The defendants, Viewcrest Road Properties and others, opposed the Aug. 25, 2017 “Motion for Jury Trial,” who described the prejudice to them if the motion were granted, as follows (with “[sic]” being added by Segal):
“Defendants have proceeded as if this case it [sic] to be tried to the court. Significant additional expense will be incurred of [sic] the case if [sic] tried instead to a jury. Defendants will be prejudiced if they are forced to bear this additional expense where (a) Plaintiff has already waived the right to a jury, (b) where the amount in dispute is less than $50,000...and (c) there is no contract providing for the recovery of attorneys fees to the prevailing party.”
Segal said that “[n]one of these reasons shows prejudice.”
The additional expense “does not support the trial court’s denial of the motion,” he declared.
No ‘Serious Hardship’
“Given the chronology, the only time Viewcrest could have proceeded as if there was going to be a court trial was the nine-day period from August 16, 2017, when the court “re-set” the trial from a jury trial to a court trial, to August 25, 2017, when Mackovski filed his motion for relief from waiver of jury trial,” Segal pointed out. “It is hard to see how, from those nine days, Viewcrest could have suffered ‘serious hardship.’ ”

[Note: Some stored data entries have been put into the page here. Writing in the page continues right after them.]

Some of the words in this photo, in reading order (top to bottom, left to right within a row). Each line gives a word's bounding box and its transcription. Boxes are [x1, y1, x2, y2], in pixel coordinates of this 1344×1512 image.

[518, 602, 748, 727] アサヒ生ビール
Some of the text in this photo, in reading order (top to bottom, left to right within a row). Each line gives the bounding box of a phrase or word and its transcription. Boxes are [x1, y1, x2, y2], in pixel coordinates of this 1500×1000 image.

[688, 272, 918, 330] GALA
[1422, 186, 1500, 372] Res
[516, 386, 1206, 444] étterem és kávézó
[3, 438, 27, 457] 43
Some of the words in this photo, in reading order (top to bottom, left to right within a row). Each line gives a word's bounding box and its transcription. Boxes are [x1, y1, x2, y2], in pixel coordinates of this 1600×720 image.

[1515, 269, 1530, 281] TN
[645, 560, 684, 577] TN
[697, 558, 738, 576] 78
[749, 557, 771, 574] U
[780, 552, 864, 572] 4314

The fact that Mackovski had not timely posted jury fees and was deemed to have waived his right to a jury “was not prejudice at all,” Segal said, but was merely the factor precipitating the need for the motion.
The amount of damages being sought in the case (over an alleged wrongful eviction) was not of significance, he wrote, because there is a constitutional right to a jury in all civil actions for damages.

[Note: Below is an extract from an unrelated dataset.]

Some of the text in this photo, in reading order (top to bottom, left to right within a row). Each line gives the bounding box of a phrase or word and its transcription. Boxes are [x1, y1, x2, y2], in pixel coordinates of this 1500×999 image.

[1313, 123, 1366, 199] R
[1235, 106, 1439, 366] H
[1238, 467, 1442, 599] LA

The jurist found no merit to the assertion that prejudice stems from the lack of a provision for attorney fees to the prevailing party, remarking:
“Counsel for Viewcrest presumably was suggesting his clients would be prejudiced because they expected to prevail, but would be unable to recover their attorneys’ fees. To the extent that is prejudice, it arises from the American rule requiring litigants, in the absence of an applicable statutory or contractual provision, to bear their attorneys’ fees….It is not prejudice from granting relief from a jury trial waiver.”
As he sized it up:
“Viewcrest did not come close to making the requisite showing of prejudice.”
Writ Not Sought
Segal noted that some cases have held that a party whose motion for relief from a jury has been denied must have sought a writ in order to raise the issue on appeal, while other cases have differed. He sided with cases saying that an ill-fated bid for writ relief is not a prerequisite.
On the say set for trial in Meiers’s courtroom, a minute order was issued in her department, saying:
“At the direction of the Master Calendar Department, Department 1, this case is being assigned to Department 36, Judge Gregory Alarcon for trial.”

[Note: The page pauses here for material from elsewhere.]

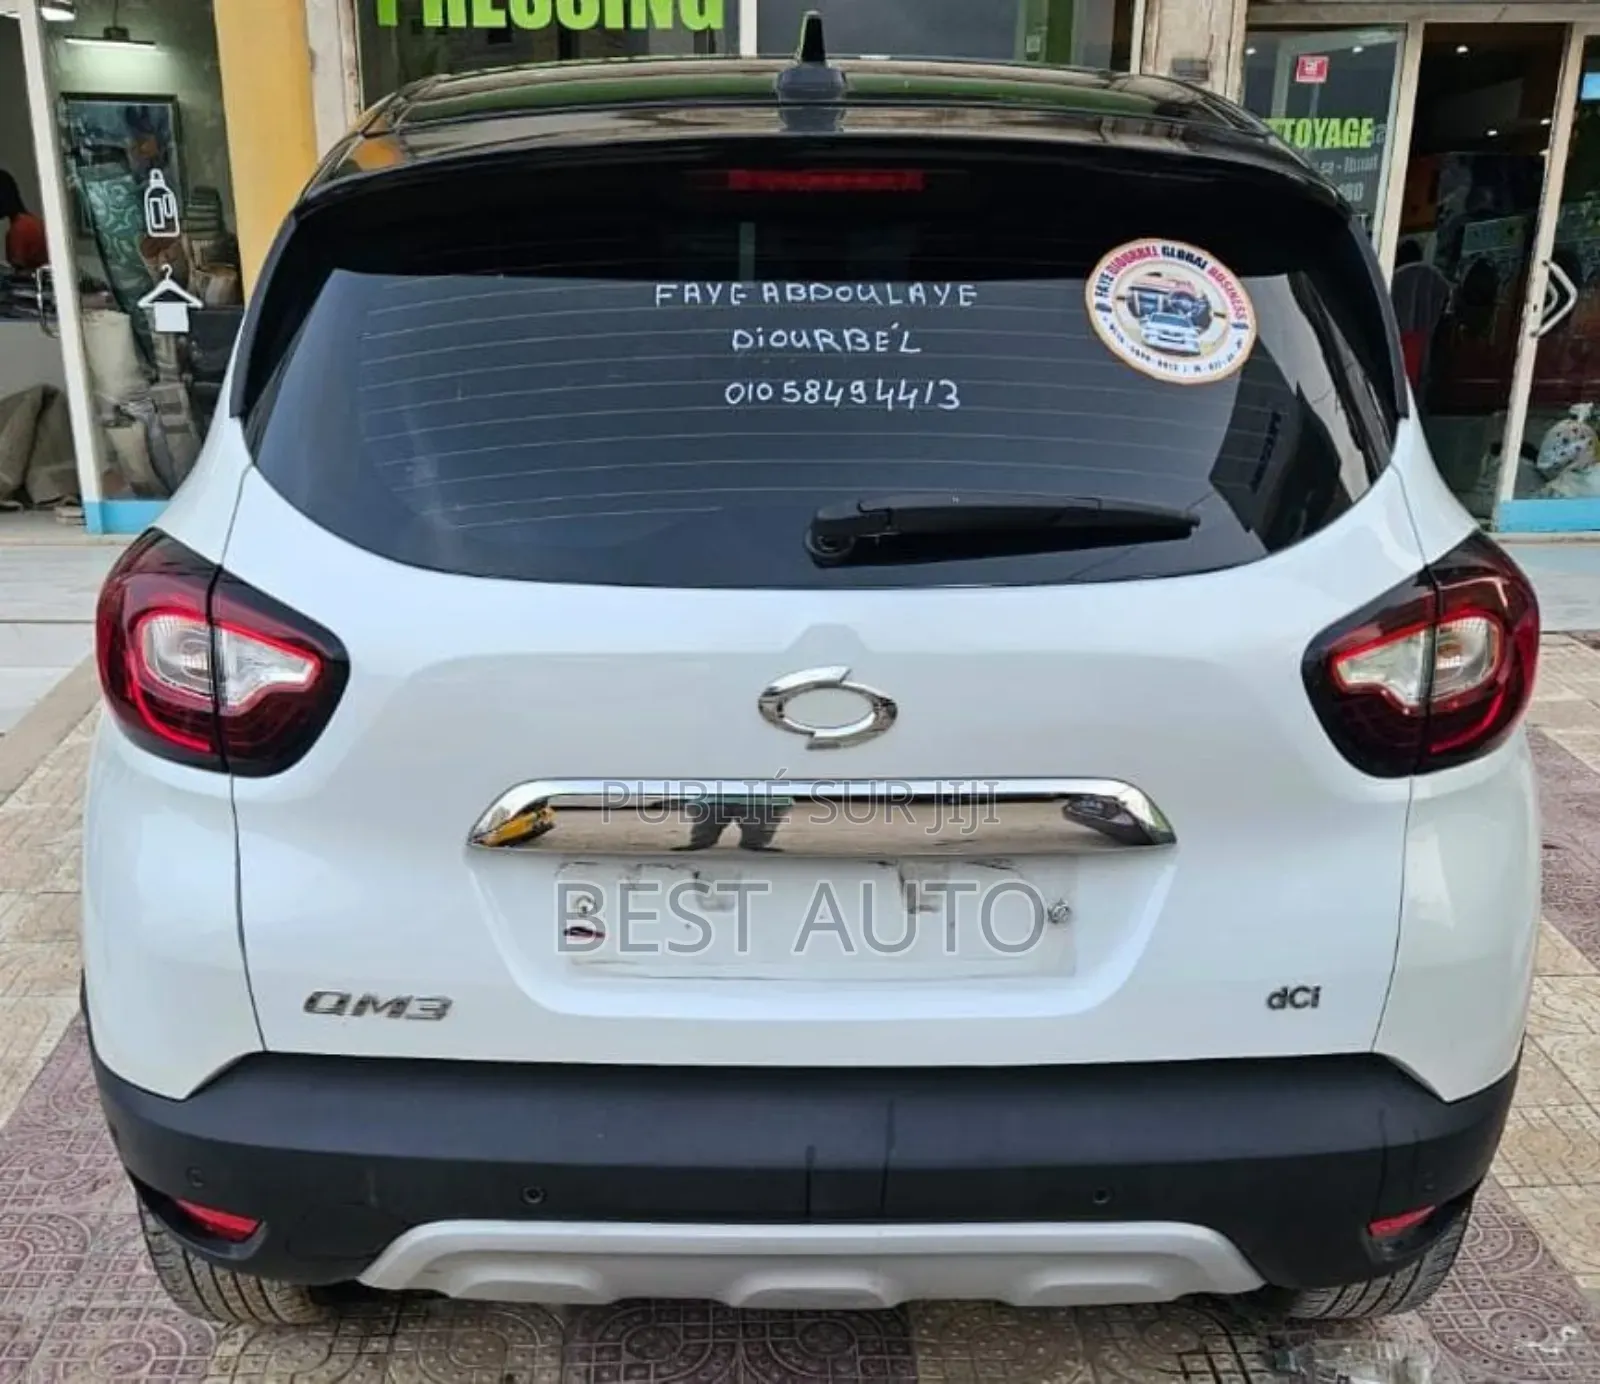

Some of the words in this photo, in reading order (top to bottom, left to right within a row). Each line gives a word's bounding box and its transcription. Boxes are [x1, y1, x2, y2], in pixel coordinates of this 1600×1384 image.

[377, 0, 724, 31] ESSING
[655, 282, 748, 307] FAYE
[762, 282, 978, 307] ABDOULAYE
[303, 991, 453, 1021] QM3

“Indeed, Mackovski and Viewcrest did not even know who their trial judge was going to be until the morning of the first day of trial, when Judge Meiers transferred the case to Judge Alarcon for trial. At that point there was no time to file a petition for writ of mandate.”
It was not incumbent on Mackovski, on appeal, to show prejudice from having had the case tried before Alarcon, rather than a jury Segal said, pointing out:
“[C]ourts have recognized how difficult, if not impossible, it is to show prejudice from the denial of the constitutional right to a jury trial….Thus, requiring an appellant challenging an order denying a motion for relief from a jury trial waiver to show actual prejudice would essentially leave discretionary mandate review as the only practical remedy, hardly adequate protection for a constitutional right that is such ‘a basic and fundamental part of our system of jurisprudence [it] should be zealously guarded.’ ”
At the end of the trial, Alarcon imposed a sanction of $70,540.95 on Mackovski, his co-plaintiff (whose causes of action were snuffed out by Meiers on demurrer) and their lawyer, Lenore L. Albert.
“Because the court should not have conducted the trial it did, its findings must be vacated and cannot be the basis of a sanctions order under section 128.5,” Segal said. “Therefore, the order imposing sanctions is vacated.”
The case is Mackovska v. Viewcrest Road Properties LLC, 2019 S.O.S. 2643.
Diamond Bar attorney Walter H. Hackett represented Aleksandar Mackovski and Andrijana Mackovska. Arthur Carvalho Jr. of the Woodland Hills firm of Lang, Hanigan & Carvalho acted for Viewcrest Road Properties and others. Lenore L. Albert, who has been suspended from the State Bar, was in pro per.